Are Employees in Pennsylvania Bound by their Contractual Commitments?

Steptoe Johnson PLLC

With an ever mobile workforce utilizing electronic devices, non-compete/non-solicitation agreements are more common than ever before. More employees at lower levels of organizations are being asked to sign such agreements which restrict their subsequent employment. Pennsylvania courts, like those in many other states, look with disfavor on such agreements – viewing them as historic restraints of trade which inhibit an individual’s ability to earn a living.

To be enforceable, such agreements must:

  1. Relate to a contract for the sale of goodwill or sale of property or a contract for employment;

  2. Be supported by adequate consideration; and,

  3. Be reasonably limited in both time and territory.

Initial employment is sufficient consideration for such an agreement. If not entered into at or about the commencement of employment, then, to be enforceable, such an agreement must be supplemented by additional consideration – i.e., a monetary payment or benefit, change in job status, or conversion of an at-will relationship into a contract of employment for a specific period of time. All of these items are possible points of contention by a former employee seeking to avoid his commitment and to engage in competitive activity.

The Uniform Written Obligations Act (UWOA), however, provides that a signed, written promise is not unenforceable for lack of consideration if the writing contains an expressed statement in any form of language that the signer “intends to be legally bound.”  Insertion of such language into a covenant not to compete thus raises the issue of whether an employer can prevent a former employee from trying to avoid his contractual obligation by claiming that his commitment was not supported by consideration (or additional consideration for such agreements made after the commencement of employment).

Pennsylvania courts generally will not review the adequacy of consideration in determining the enforceability of a contract.

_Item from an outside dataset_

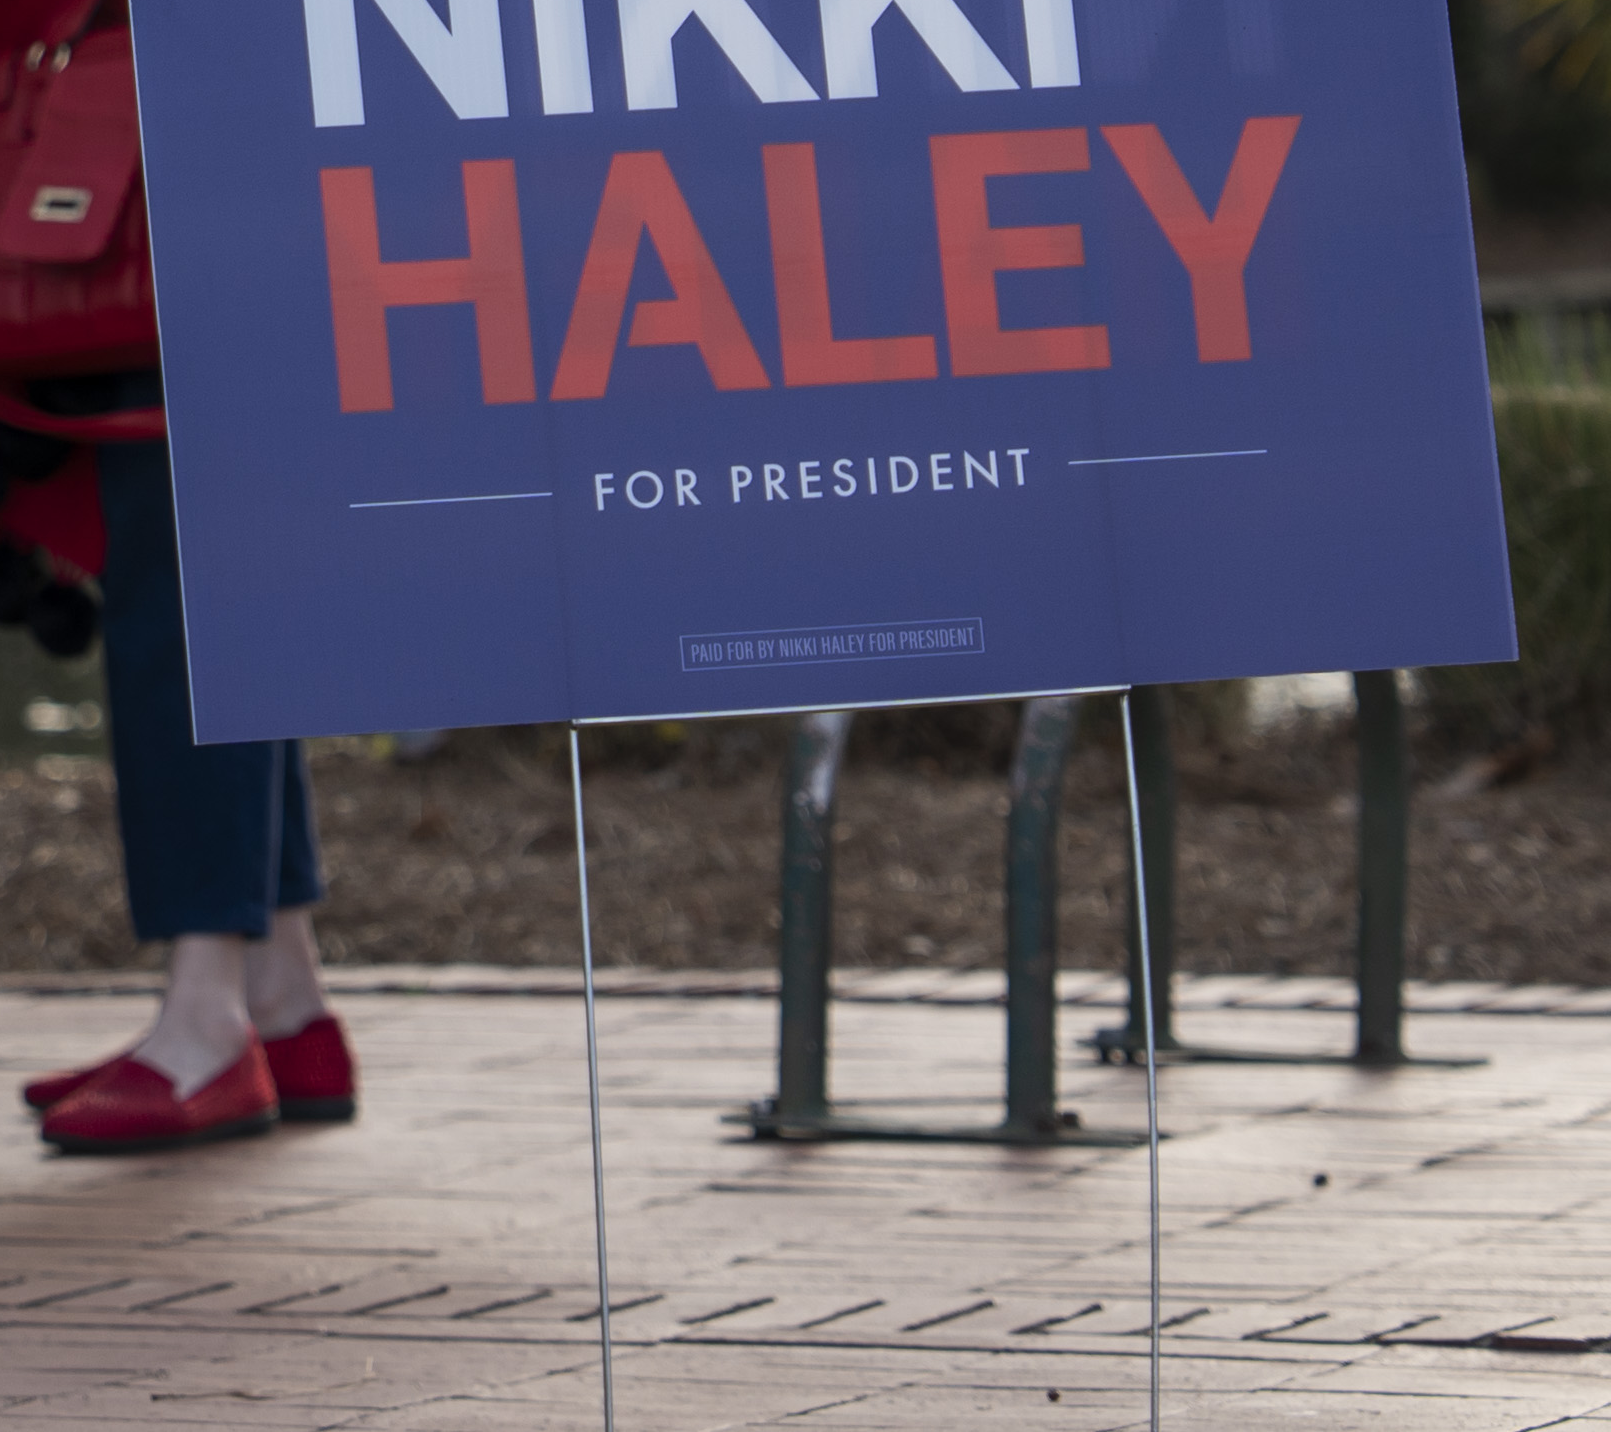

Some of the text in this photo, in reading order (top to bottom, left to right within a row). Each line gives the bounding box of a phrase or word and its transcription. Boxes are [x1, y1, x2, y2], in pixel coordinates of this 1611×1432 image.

Courts, however, regularly do make such an inquiry when a covenant not to compete is at issue. Only new, valuable consideration will support the enforcement of such an obligation – not continued at-will employment, a contract under seal, or nominal consideration.

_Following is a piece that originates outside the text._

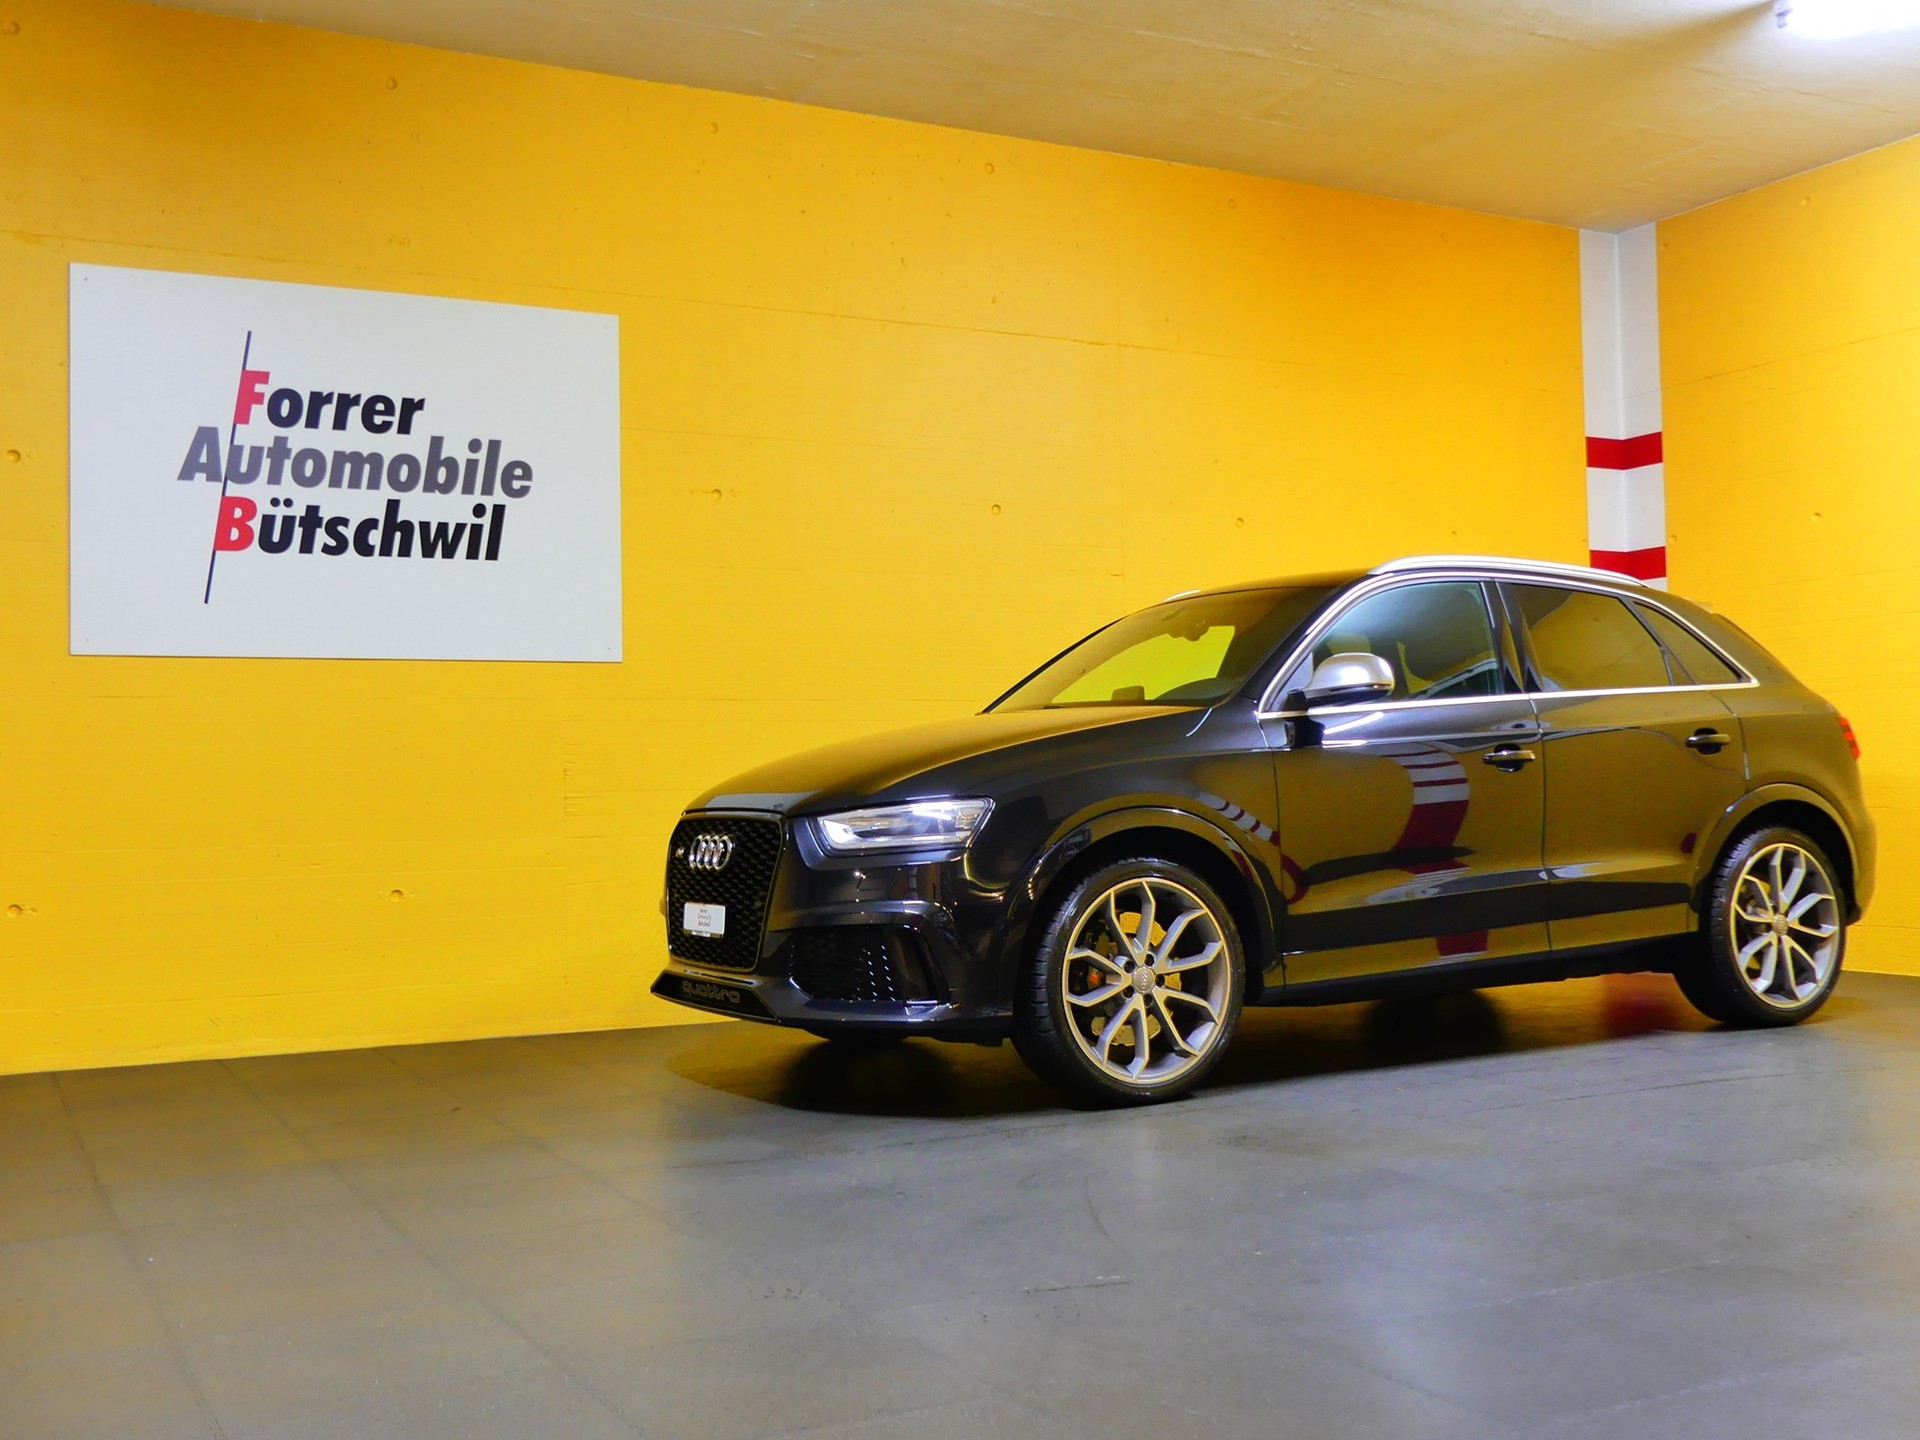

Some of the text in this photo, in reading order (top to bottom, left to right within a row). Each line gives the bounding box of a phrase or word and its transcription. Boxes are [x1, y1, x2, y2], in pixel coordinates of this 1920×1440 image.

Thus, there is tension between the UWOA and the inherent reluctance of Pennsylvania courts to review the adequacy of consideration on one hand, and these courts’ inclination to ensure that the employee receives something of value in exchange for his post-employment commitment not to compete on the other hand.  When called upon to resolve this conflict, both a Pennsylvania trial court and the Superior Court sided with the employee and held that the mere insertion of “intending to be legally bound” language from the UWOA into a covenant not to compete did not prevent the court from considering whether the agreement was supported by adequate consideration. Since the agreement at issue in that case was entered into after the commencement of employment without any additional consideration, both courts refused to hold the employee to his commitment.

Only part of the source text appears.